# Work item
Output every line below as it stands, dropping only the images.

# Records shown
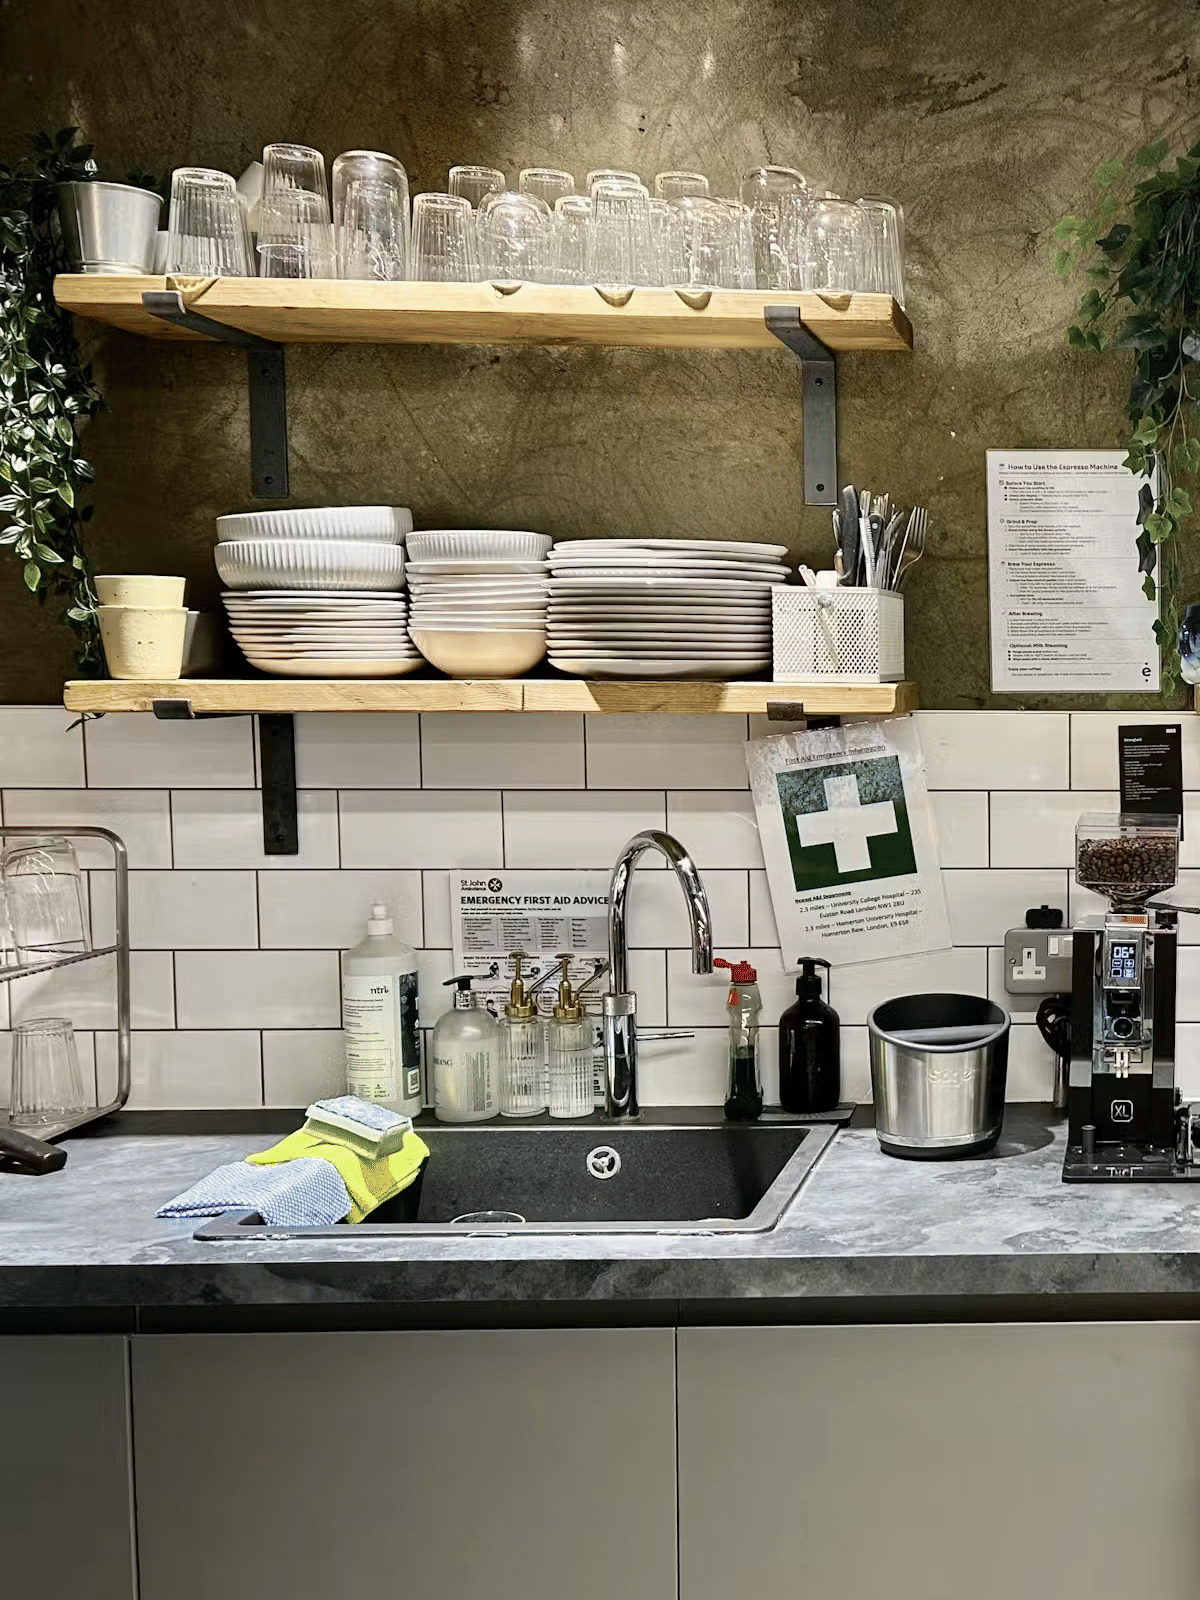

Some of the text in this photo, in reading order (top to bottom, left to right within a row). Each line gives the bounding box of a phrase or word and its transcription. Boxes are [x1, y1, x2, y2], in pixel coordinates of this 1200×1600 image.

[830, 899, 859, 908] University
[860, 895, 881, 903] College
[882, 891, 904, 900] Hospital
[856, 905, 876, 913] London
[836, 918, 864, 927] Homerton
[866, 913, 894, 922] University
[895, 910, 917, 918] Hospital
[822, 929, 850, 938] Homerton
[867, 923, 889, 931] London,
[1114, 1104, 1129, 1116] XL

# Written answer
Some of the text in this photo, in reading order (top to bottom, left to right within a row). Each line gives the bounding box of a phrase or word and its transcription. Boxes are [x1, y1, x2, y2], in pixel coordinates of this 1200×1600 image.

[830, 899, 859, 908] University
[860, 895, 881, 903] College
[882, 891, 904, 900] Hospital
[856, 905, 876, 913] London
[836, 918, 864, 927] Homerton
[866, 913, 894, 922] University
[895, 910, 917, 918] Hospital
[822, 929, 850, 938] Homerton
[867, 923, 889, 931] London,
[1114, 1104, 1129, 1116] XL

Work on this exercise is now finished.